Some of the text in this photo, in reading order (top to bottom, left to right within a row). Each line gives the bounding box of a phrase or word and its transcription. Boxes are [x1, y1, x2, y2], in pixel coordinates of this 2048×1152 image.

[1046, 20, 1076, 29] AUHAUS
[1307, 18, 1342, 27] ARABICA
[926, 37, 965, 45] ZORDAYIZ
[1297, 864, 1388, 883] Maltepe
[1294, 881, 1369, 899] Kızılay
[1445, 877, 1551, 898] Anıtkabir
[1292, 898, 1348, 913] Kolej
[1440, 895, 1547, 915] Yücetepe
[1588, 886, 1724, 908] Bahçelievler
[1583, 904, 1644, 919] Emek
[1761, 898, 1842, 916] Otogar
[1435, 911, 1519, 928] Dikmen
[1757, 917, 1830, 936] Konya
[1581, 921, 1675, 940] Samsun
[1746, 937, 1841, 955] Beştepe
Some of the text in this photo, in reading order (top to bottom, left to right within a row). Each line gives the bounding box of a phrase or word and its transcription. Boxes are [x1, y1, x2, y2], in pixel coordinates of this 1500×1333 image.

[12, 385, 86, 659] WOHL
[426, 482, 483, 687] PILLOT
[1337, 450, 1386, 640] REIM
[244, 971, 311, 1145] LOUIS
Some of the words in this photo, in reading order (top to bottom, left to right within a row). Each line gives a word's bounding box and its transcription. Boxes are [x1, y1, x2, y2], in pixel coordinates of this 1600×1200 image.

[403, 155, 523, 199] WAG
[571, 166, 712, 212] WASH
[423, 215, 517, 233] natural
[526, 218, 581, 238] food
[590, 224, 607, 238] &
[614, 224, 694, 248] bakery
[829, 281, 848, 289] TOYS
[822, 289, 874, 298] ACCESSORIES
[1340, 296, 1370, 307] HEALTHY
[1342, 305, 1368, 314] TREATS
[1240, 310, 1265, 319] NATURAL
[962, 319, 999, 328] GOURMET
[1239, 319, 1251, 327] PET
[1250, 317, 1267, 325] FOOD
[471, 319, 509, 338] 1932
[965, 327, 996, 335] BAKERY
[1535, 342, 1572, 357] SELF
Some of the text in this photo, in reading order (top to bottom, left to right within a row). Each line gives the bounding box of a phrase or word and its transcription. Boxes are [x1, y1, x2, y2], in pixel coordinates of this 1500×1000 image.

● ● ● ●

◆ **ASSIGNMENT**
Copy the lines above exactly, leaving every word as it is.

◆ **YOUR SOLUTION**
Some of the text in this photo, in reading order (top to bottom, left to right within a row). Each line gives the bounding box of a phrase or word and its transcription. Boxes are [x1, y1, x2, y2], in pixel coordinates of this 2048×1152 image.

[1046, 20, 1076, 29] AUHAUS
[1307, 18, 1342, 27] ARABICA
[926, 37, 965, 45] ZORDAYIZ
[1297, 864, 1388, 883] Maltepe
[1294, 881, 1369, 899] Kızılay
[1445, 877, 1551, 898] Anıtkabir
[1292, 898, 1348, 913] Kolej
[1440, 895, 1547, 915] Yücetepe
[1588, 886, 1724, 908] Bahçelievler
[1583, 904, 1644, 919] Emek
[1761, 898, 1842, 916] Otogar
[1435, 911, 1519, 928] Dikmen
[1757, 917, 1830, 936] Konya
[1581, 921, 1675, 940] Samsun
[1746, 937, 1841, 955] Beştepe
Some of the text in this photo, in reading order (top to bottom, left to right within a row). Each line gives the bounding box of a phrase or word and its transcription. Boxes are [x1, y1, x2, y2], in pixel coordinates of this 1500×1333 image.

[12, 385, 86, 659] WOHL
[426, 482, 483, 687] PILLOT
[1337, 450, 1386, 640] REIM
[244, 971, 311, 1145] LOUIS
Some of the words in this photo, in reading order (top to bottom, left to right within a row). Each line gives a word's bounding box and its transcription. Boxes are [x1, y1, x2, y2], in pixel coordinates of this 1600×1200 image.

[403, 155, 523, 199] WAG
[571, 166, 712, 212] WASH
[423, 215, 517, 233] natural
[526, 218, 581, 238] food
[590, 224, 607, 238] &
[614, 224, 694, 248] bakery
[829, 281, 848, 289] TOYS
[822, 289, 874, 298] ACCESSORIES
[1340, 296, 1370, 307] HEALTHY
[1342, 305, 1368, 314] TREATS
[1240, 310, 1265, 319] NATURAL
[962, 319, 999, 328] GOURMET
[1239, 319, 1251, 327] PET
[1250, 317, 1267, 325] FOOD
[471, 319, 509, 338] 1932
[965, 327, 996, 335] BAKERY
[1535, 342, 1572, 357] SELF
Some of the text in this photo, in reading order (top to bottom, left to right within a row). Each line gives the bounding box of a phrase or word and its transcription. Boxes are [x1, y1, x2, y2], in pixel coordinates of this 1500×1000 image.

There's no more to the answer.